La città politica (e non solo) alla luce del pensiero divergente

HOME

 

 

 

Contatti: info@sanmarcoargentano-polis.it

 

 

 

 

 

 

 

30 novembre 2016

Formarsi un’opinione

«Se ne sentono di tutti i colori!» è l’espressione che si sente dire da ogni parte ascoltando la gente per strada, gli amici al bar o nei salotti, gli avventori e gli esercenti durante l’incombenza della spesa quotidiana, gli ascoltatori (o spettatori) delle più disparate emittenti radiofoniche e televisive al di là di quelle paludate e altisonanti, che ospitano piccoli e grandi personaggi fautori del SI o del NO al referendum costituzionale, per il quale andremo ad esprimerci, nella qualità di cittadini, il 4 dicembre prossimo.

Non parliamo, poi, della colonizzazione del web, che parla a tutti per parlare a ciascuno e lo fa quasi sempre, purtroppo, fatta salva la buona pace di alcuni, con toni di saccenteria gratuita e con un linguaggio spesso assimilabile a quello di un carrettiere dei primi anni del secolo scorso, che indurrebbe al riso se non fosse la risultante di un fenomeno di tristezza sociale e culturale tutta da studiare e da analizzare criticamente.

Rebus sic stantibus, è un bene o è un male sentirne di tutti colori con ossessiva insistenza? Mi rendo conto che, spesso, può infastidire accendere il televisore, per godere di un momento di relax, e trovarsi di fronte il solito “tifoso” di una o dell’altra tesi che, esagerando nei toni e nelle argomentazioni, tenta il raggiro dell’uditorio per carpire un consenso comunque sia, meglio se non ragionato.

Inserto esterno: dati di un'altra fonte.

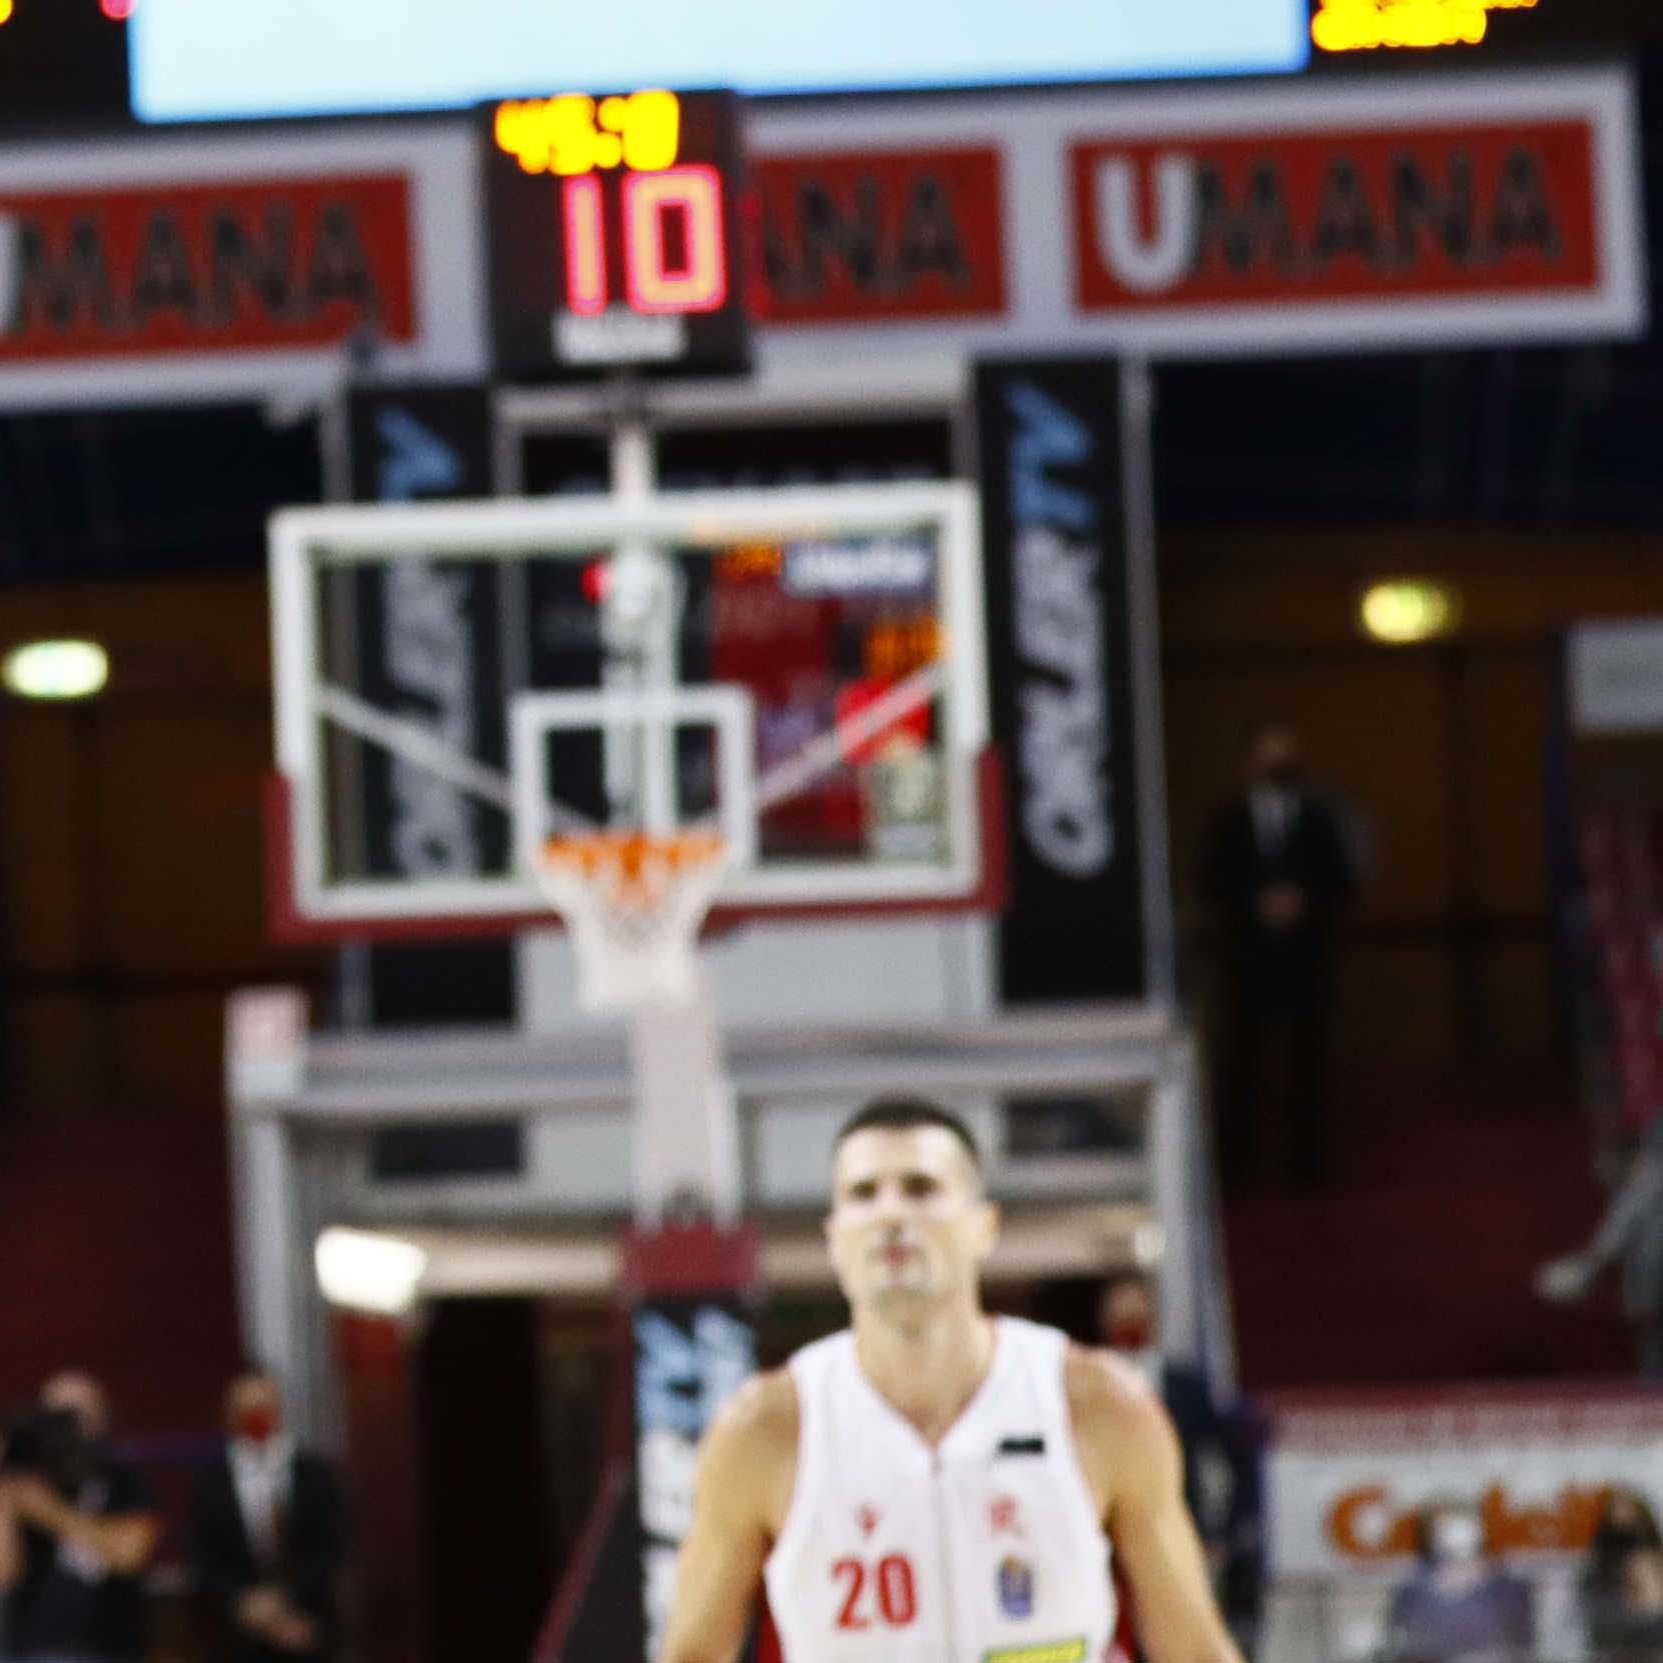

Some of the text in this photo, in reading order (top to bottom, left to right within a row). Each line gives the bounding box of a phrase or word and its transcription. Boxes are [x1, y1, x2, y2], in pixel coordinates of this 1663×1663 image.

[562, 161, 727, 317] 10
[1094, 143, 1561, 293] UMANA
[831, 1552, 916, 1630] 20
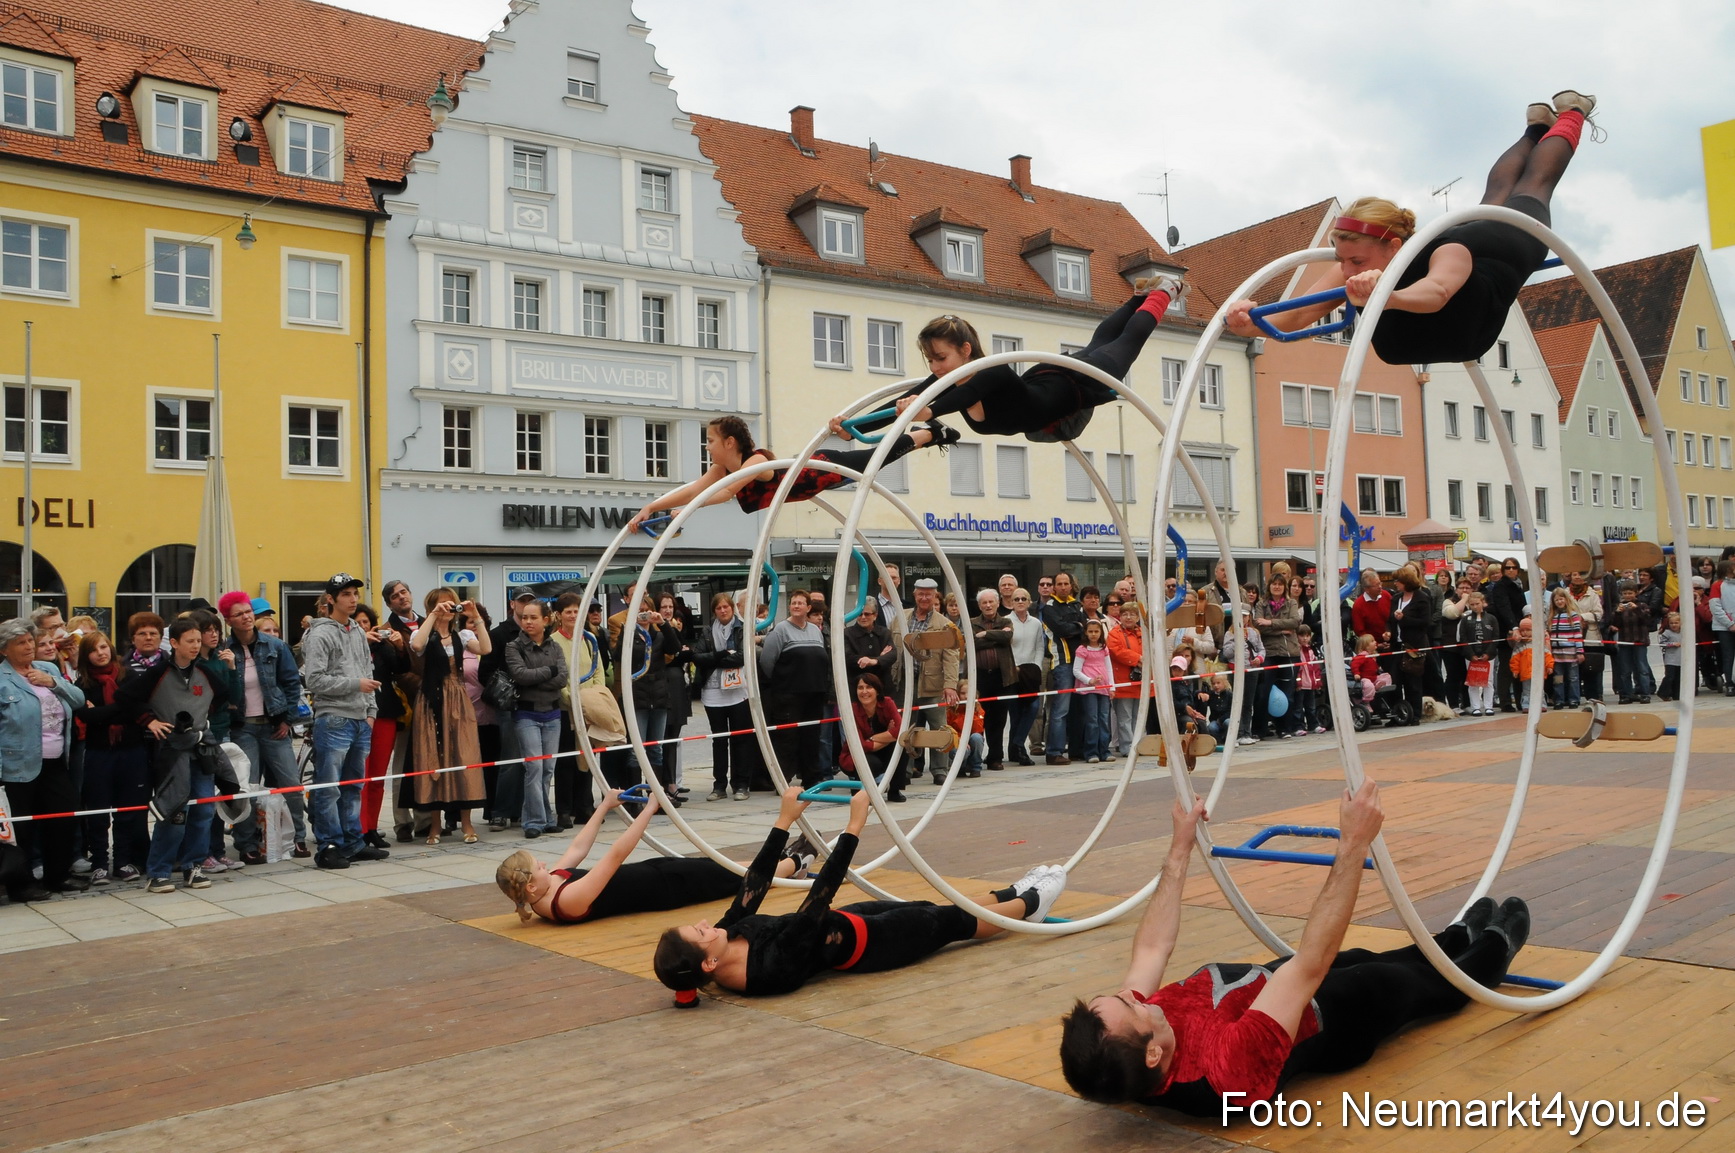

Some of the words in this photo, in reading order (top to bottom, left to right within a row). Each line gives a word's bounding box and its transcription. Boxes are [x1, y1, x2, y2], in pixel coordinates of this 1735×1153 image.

[521, 359, 597, 384] BRILLEN
[601, 366, 669, 390] WEBER
[18, 497, 94, 528] DELI
[503, 503, 595, 529] BRILLEN
[925, 512, 1048, 539] Buchhandlung
[512, 571, 548, 583] BRILLEN
[912, 566, 941, 576] Rupprecht
[728, 673, 736, 681] M
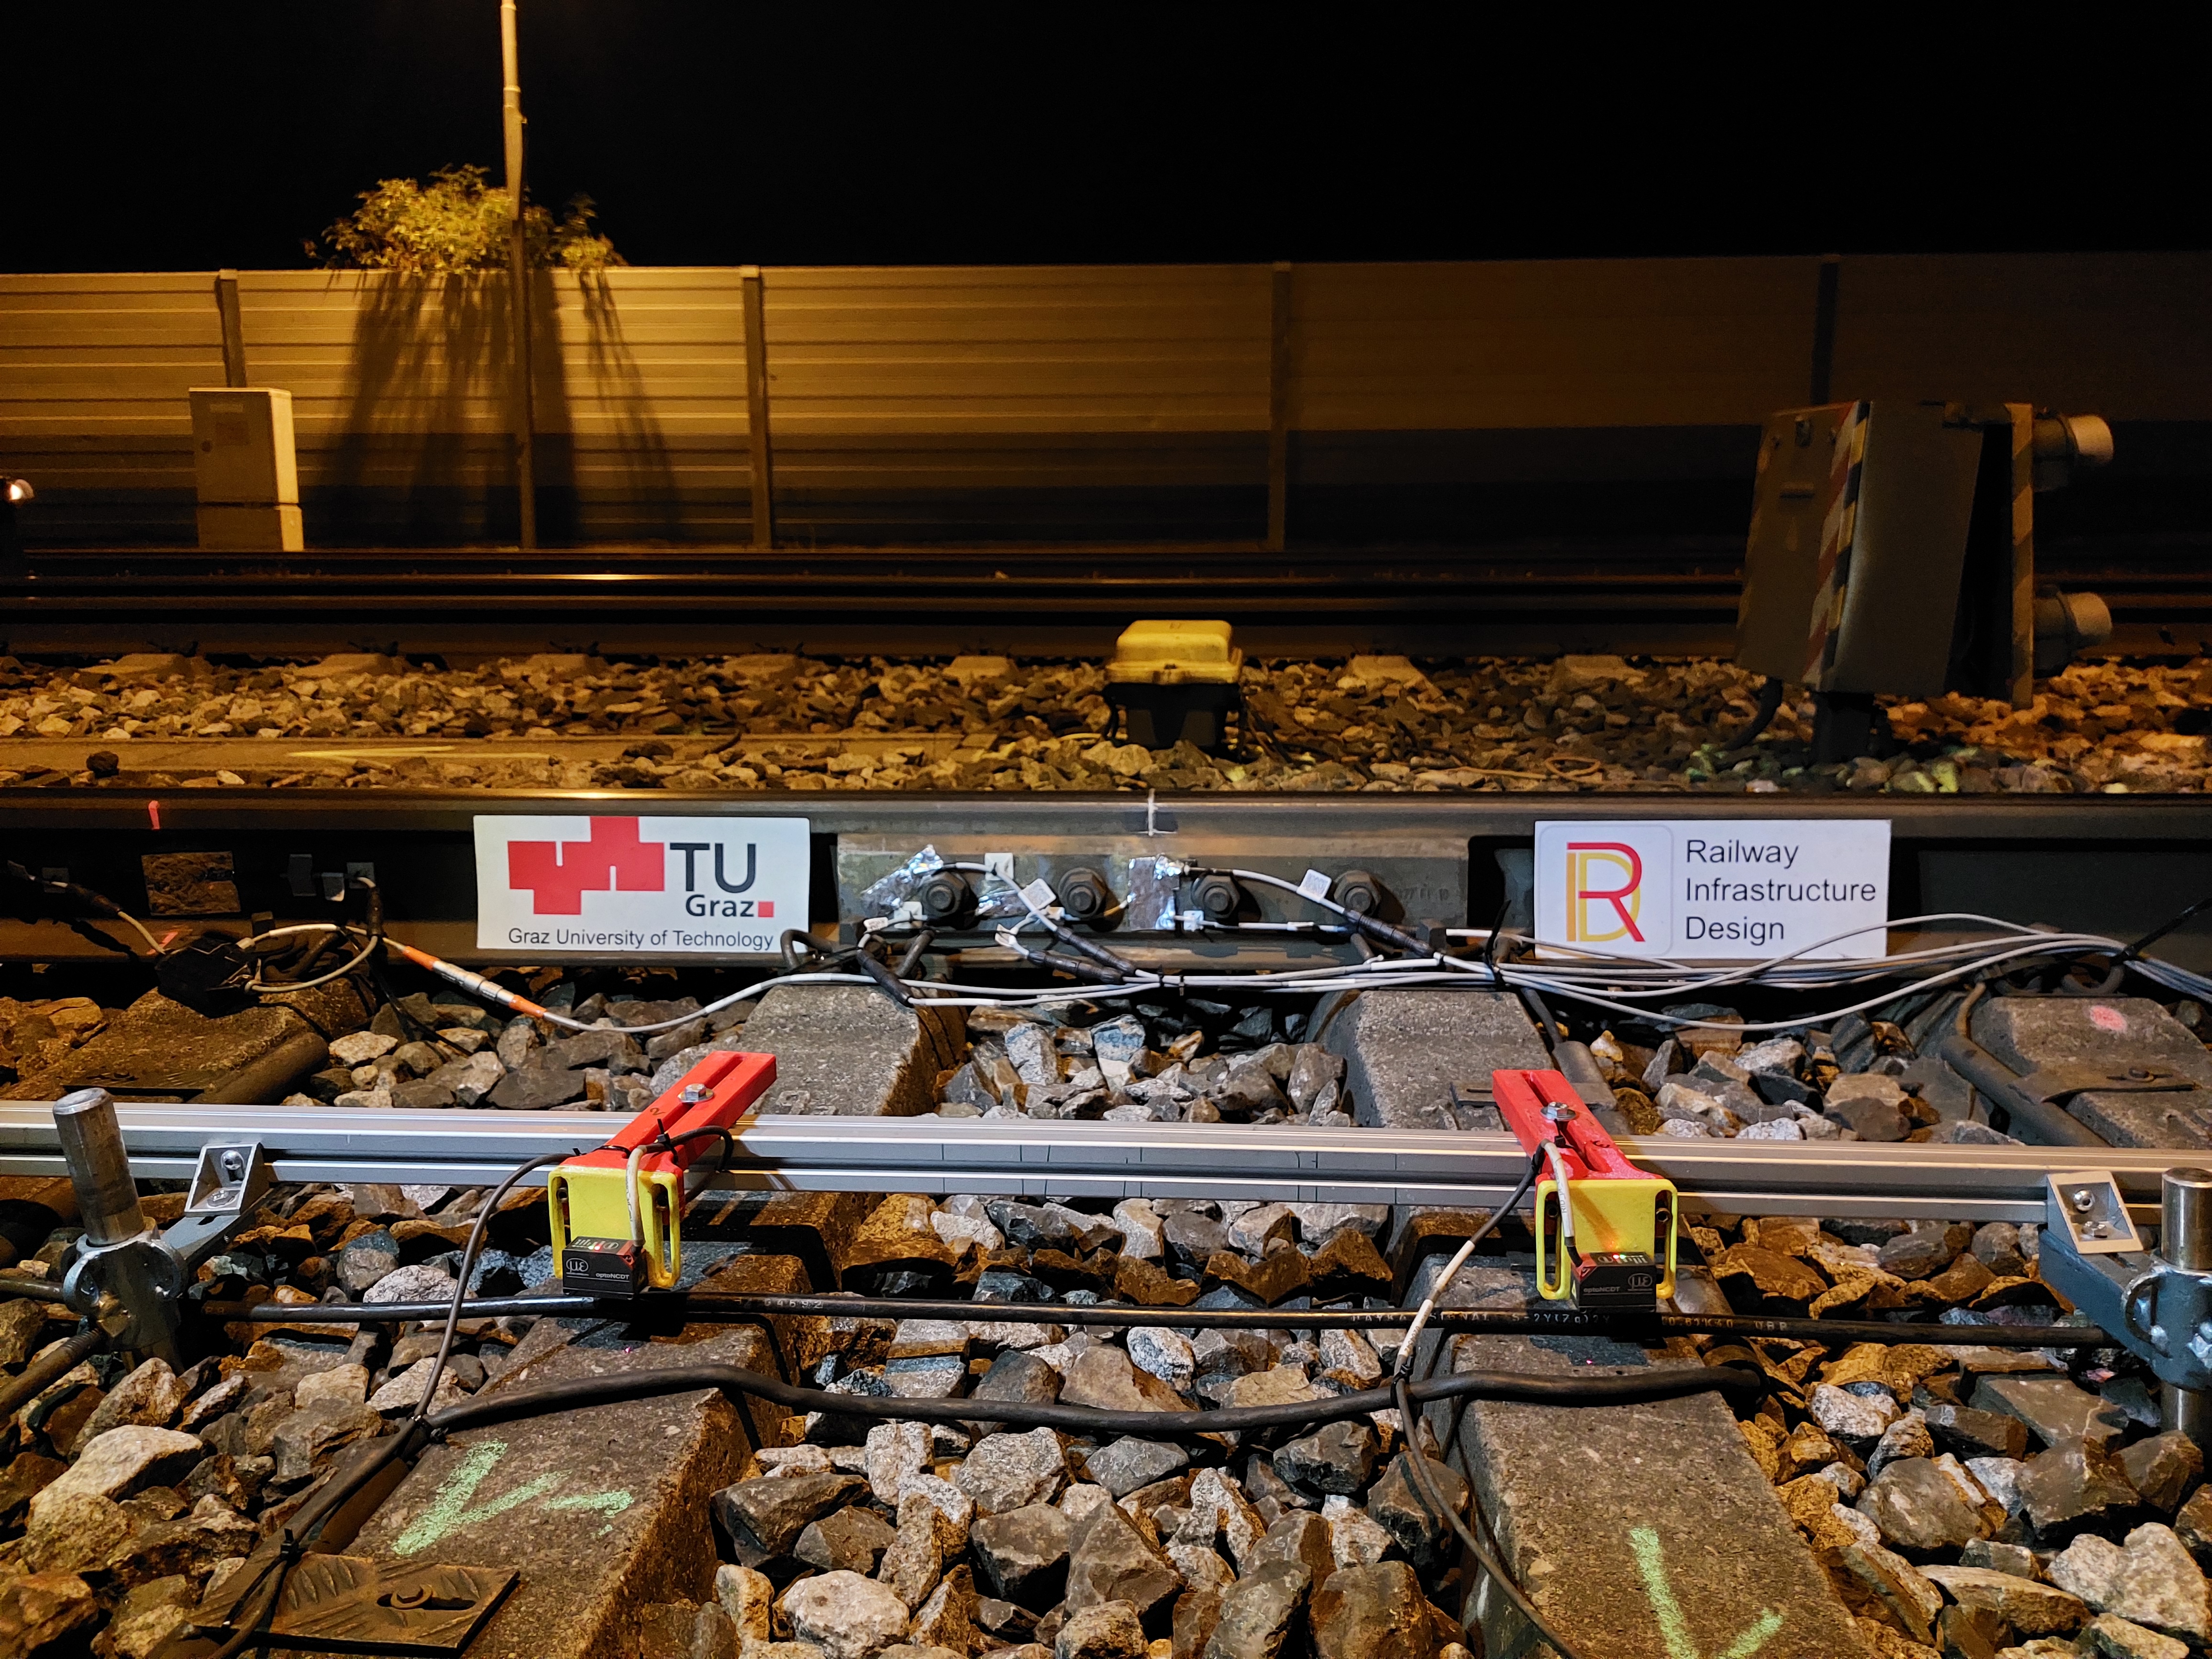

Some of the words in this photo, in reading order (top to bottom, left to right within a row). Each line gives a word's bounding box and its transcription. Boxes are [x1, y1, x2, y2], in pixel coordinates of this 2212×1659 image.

[1687, 840, 1799, 869] Railway
[670, 843, 756, 893] TU
[1687, 877, 1876, 901] Infrastructure
[686, 894, 754, 917] Graz
[509, 928, 550, 944] Graz
[557, 929, 644, 949] University
[651, 930, 668, 945] of
[674, 930, 774, 951] Technology
[1686, 916, 1784, 946] Design

Né la simpatia o l’antipatia verso l’uno o l’altro dei sostenitori delle opposte fazioni può favorire una scelta votata a determinare aggiustamenti importanti della fisionomia della nostra repubblica.

Tuttavia, ascoltare tutti, leggere tutto e quindi comprendere, ragionare, approfondire, riesaminare per valutare nei dettagli e, sulla scorta di ciò, tentare di immaginare il futuro del nostro Paese, ritengo sia cosa saggia al di là e al di sopra dei suggerimenti degli “amici” o dei “compari”, i quali, ritenendosi più furbi e più competenti di noi, cercano di indirizzare la nostra scelta secondo una visione che potrebbe essere quella che noi desideriamo meno.

Rendiamoci conto che gli “amici” spesso ne sanno meno di noi e i “compari” sono quelli che hanno inventato il “comparaggio”, un fenomeno scadente e deleterio che tanto danno ha prodotto alla nostra società, sia in termini di immagine che in termini di economia. In politica, poi, è il fenomeno che ha deteriorato, fino a ridurlo nella condizione che tutti vediamo, il panorama politico-amministrativo dell’intero Paese.

Non resta, quindi, che l’autonomia di giudizio. La quale, in ogni caso, è la più autorizzata a guidare le nostre scelte perché è quella che produce, dentro ciascuno di noi, il formarsi di un’opinione autentica ed originale. La stessa, in pratica, che ci fa scegliere le persone con cui vivere, lo stile di vita da tenere, il medico da cui farsi curare, i comportamenti da tenere nei rapporti con tutti; e, più ordinariamente, il cibo da mangiare e l’ora in cui mangiarlo, i panni da vestire, il giornale da leggere, la squadra di calcio per cui tifare, il cinema da frequentare piuttosto che il programma televisivo al quale assistere, la sedia su cui sedersi; e via via il parrucchiere, il salumiere, il fornaio e via dicendo.

Allora, perché non ricorrere alla propria autonomia di giudizio per recarsi alle urne ed esprimere una scelta ragionata che, alla fin fine, può anche coincidere con il suggerimento (mai disinteressato) dell’“amico” o del “compare”, ma non ne sarà in alcun modo condizionata.

Far bene o sbagliare è un fatto personale. E, nel caso specifico, chi non c’entra stia alla larga!